While New Jersey Governor Chris Christie announced
his run for President with bold promises and brash rhetoric, he
balanced truth and compromise as though they could coexist as two sides of
a marred coin. In troubling budgetary times, when socialist-minded state
legislatures refuse to recognize that they have run out of other people’s
money, or that middle class makers have elected to leave their home state
rather than pander and enable more takers, compromise is not the watchword. Conviction
and confrontation must be the mainstay, and Illinois Governor Bruce Rauner, the
only Republican gubernatorial candidate to unseat a liberal incumbent in 2014, is
demonstrating that kind of leadership.
Clear about his convictions, yet respectful of
differences, gubernatorial candidate Rauner refused union money during a
four-way primary battle, as he clearly understood that Big Labor was creating
the big budgetary messages in Springfield and dragging down his state. US
Senator Mark Kirk (facing a tough 2016 reelection bid) cited that the Service
Employees International Union is the most powerful and corrupting force in
Illinois politics.
Candidate Rauner hinted at reducing the minimum wage
to the federal level, and even following the media backlash, he quickly
reminded the public that forced wage hikes create costly burdens on job
creators, i.e businesses. He mentioned that any wage hike must include
regulatory reform which would ease commerce and make opening a business easier.
Not consistently conservative on every issue, Rauner
respected the views of all Illinoisans, enough that a crowd
of Democrats endorsed him publically after his primary victory. With
conservative Republicans, he presented himself, outlined his platform, and
explained his views. He answered all questions, even when he knew that his
answer would not agree with what his audience wanted to hear. Pro-choice, but
not just on abortion, the Republican trumpeted his support for the Second
Amendment and expansion of education opportunities, too.
In
spite of diverse polling up to Election Day, Rauner beat the Democratic
machine and unseated the executive incumbent.
During his State of the State speech, the first
Republican Governor in over a decade was real about Illinois’ finances (they
are in tatters), and realistic about fixing the state’s problems (cut the
spending, now!). Respecting the pensions of peace officers and military
personnel, the new governor did not run away from the problems facing the state
(even though he has tempered his rhetoric to forge a working relationship with
a Democratic legislature in the face of bigger-than-expected pension issues). He
even alluded
to right-to-work provisions in the labor-dominated state.
Within months of his inauguration, Rauner
issued an executive order to protect non-union employees from paying agency
fees. One article claimed that Rauner
was outdoing Governor Scott Walker on labor reforms. Rauner was simply
keeping a campaign promise to get Illinois’ house in order.

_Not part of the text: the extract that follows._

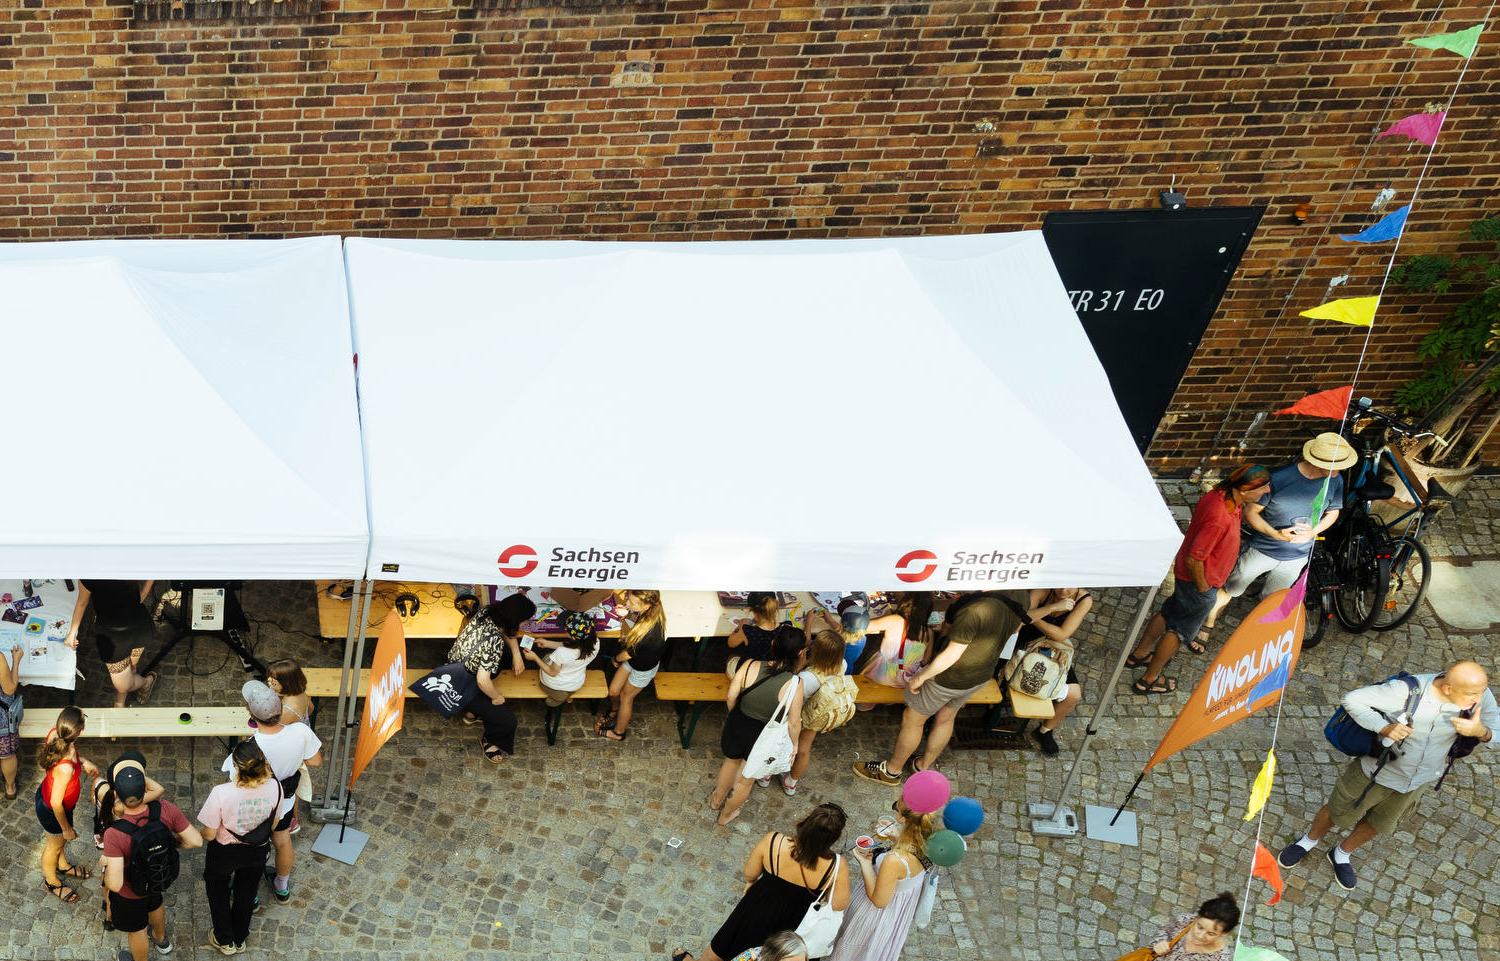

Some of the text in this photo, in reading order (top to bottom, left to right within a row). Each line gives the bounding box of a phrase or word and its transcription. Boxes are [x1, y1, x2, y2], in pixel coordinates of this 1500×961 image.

He talked up tort
reforms, too, even though the recalcitrant legislature said “No thanks”, and House
Speaker Michael Madigan put on a show of individuals harmed by caps on
lawsuits.
A shrewd and savvy businessman willing to do what is
right, not necessary popular, Rauner is facing off against a supermajority
Democratic legislature (the Democrats held their seats in the 2014 election),
which has chosen to embrace a shut-down showdown in Springfield. With no
budget, and July first come and gone, Illinois’ state operations have entered a
partial stop.
What
issues fed this budgetary gridlock?
Rauner has operated in good faith, yet is holding his ground on crucial
reforms, among which are: freeze property taxes, expand local control over union
negotiations (including repeal of prevailing wage laws), end “venue shopping”
lawsuit abuse, worker’s compensation limitations, term limits, and
redistricting reforms.
The
Democrats, beholden to unions instead of the citizenry, have balked, will not
budge, and are waiting for Rauner to blink.
The Chicago
Sun-Times reported the hurried glances and harried fears of (liberal)
lawmakers over a shut-down:
The sick will suffer. CTA riders
could face fare hikes or cuts in services.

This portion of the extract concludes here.